The four Life Strategy Funds and their target allocations are as follows:
Income Plus Life Strategy Fund: - Seeks investment returns which modestly and
fairly consistently outpace inflation, with a target allocation of twenty
percent stocks and eighty percent fixed income/bonds. The Income Plus Life
Strategy Fund is intended for the more risk-averse investor with a generally
short time horizon desiring more security in their investment.
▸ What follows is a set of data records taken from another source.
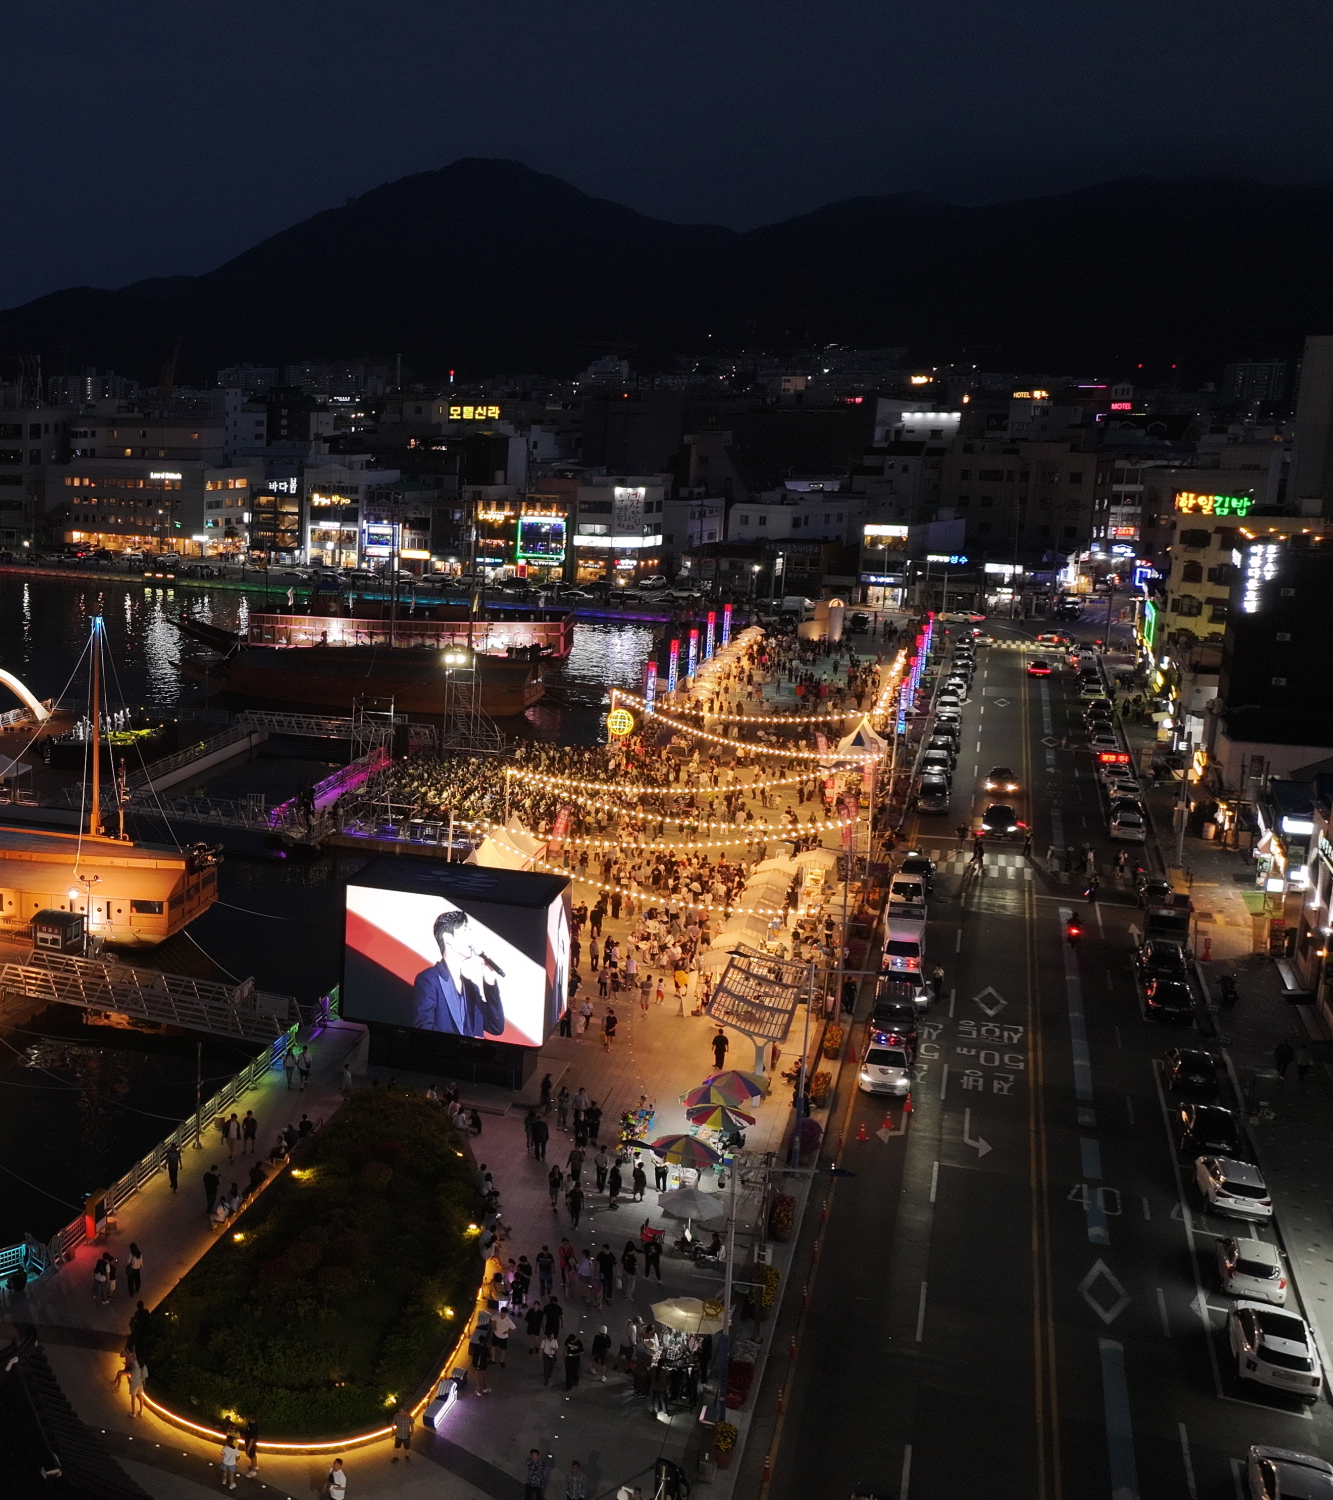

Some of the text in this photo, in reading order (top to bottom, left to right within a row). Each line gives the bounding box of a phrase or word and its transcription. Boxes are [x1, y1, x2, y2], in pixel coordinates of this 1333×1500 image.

[449, 405, 501, 420] 모텔신라
[1111, 402, 1132, 410] MOTEL
[268, 477, 298, 494] 바다봄
[1178, 491, 1252, 517] 한일김밥
[1263, 544, 1279, 581] STAY
[957, 1019, 1024, 1044] 신호등
[955, 1046, 1025, 1071] 50m
[959, 1069, 1015, 1096] 전방
[1066, 1182, 1123, 1216] 40
Investments in this fund are automatically allocated among the following
five Plan investment options, while maintaining the target allocations as
shown: Large Company Index Fund - 11%, Small Company Stock Fund - 4%,
International Stock Fund - 5%, Fixed Income Fund - 75%, and Total Bond Market
Fund- 5%.
The Income Plus Life Strategy Fund is managed by Bankers Trust Company.
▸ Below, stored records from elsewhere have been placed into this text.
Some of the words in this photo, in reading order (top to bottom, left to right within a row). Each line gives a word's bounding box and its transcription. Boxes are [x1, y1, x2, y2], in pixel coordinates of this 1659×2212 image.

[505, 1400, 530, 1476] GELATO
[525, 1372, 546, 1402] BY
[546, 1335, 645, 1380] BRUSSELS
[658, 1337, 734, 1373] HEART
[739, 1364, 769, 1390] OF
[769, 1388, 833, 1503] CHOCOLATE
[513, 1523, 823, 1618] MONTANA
Conservative Life Strategy Fund: - Seeks to moderately outpace inflation
over the long term with a fair measure of consistency, and a target
allocation of forty percent stocks and sixty percent fixed income/bonds.
The Conservative Life Strategy Fund is designed for risk-averse investors
with a short to medium time horizon.
Investments in this fund are automatically allocated among the following
five Plan investment options, while maintaining the target allocations as
shown: Large Company Index Fund - 23%, Small Company Stock Fund - 7%,
International Stock Fund - 10%, Fixed Income Fund - 50%, and Total Bond
Market Fund - 10%.
The Conservative Life Strategy Fund is managed by Bankers Trust Company.
Moderate Life Strategy Fund (formerly Balanced Asset Fund): - Effective August
1, 1996, the existing Balanced Asset Fund was renamed the Moderate Life Strategy
Fund, and its target allocations remixed according to its revised fund objective
to provide relatively high returns at a moderate risk level with a target
allocation of sixty percent stocks and forty percent fixed income/bonds. The
Moderate Life Strategy Fund is intended for moderate-risk tolerant investors
with a medium to long time horizon.
Investments in this fund are automatically allocated among the following five
Plan investment options, while maintaining the target allocations as shown:
Large Company Index Fund - 34%, Small Company Stock Fund - 11%, International
Stock Fund - 15%, Fixed Income Fund - 25%, and Total Bond Market Fund- 15%.
22
<PAGE>
The Moderate Life Strategy Fund is managed by Bankers Trust Company.
Aggressive Life Strategy Fund: - Seeks to provide high returns over longer time
periods with a target allocation of eighty percent stocks and twenty percent
fixed income/bonds. The Aggressive Life Strategy Fund is intended for
higher-risk tolerant investors with a long time horizon. Investors in this fund
should anticipate occasional annual losses in pursuit of long-term higher
returns.
Investments in this fund are automatically allocated among the following five
Plan investment options, while maintaining the target allocations as shown:
Large Company Index Fund - 45%, Small Company Stock Fund - 15%, International
Stock Fund - 20%, Fixed Income Fund - 0%, and Total Bond Market Fund - 20%.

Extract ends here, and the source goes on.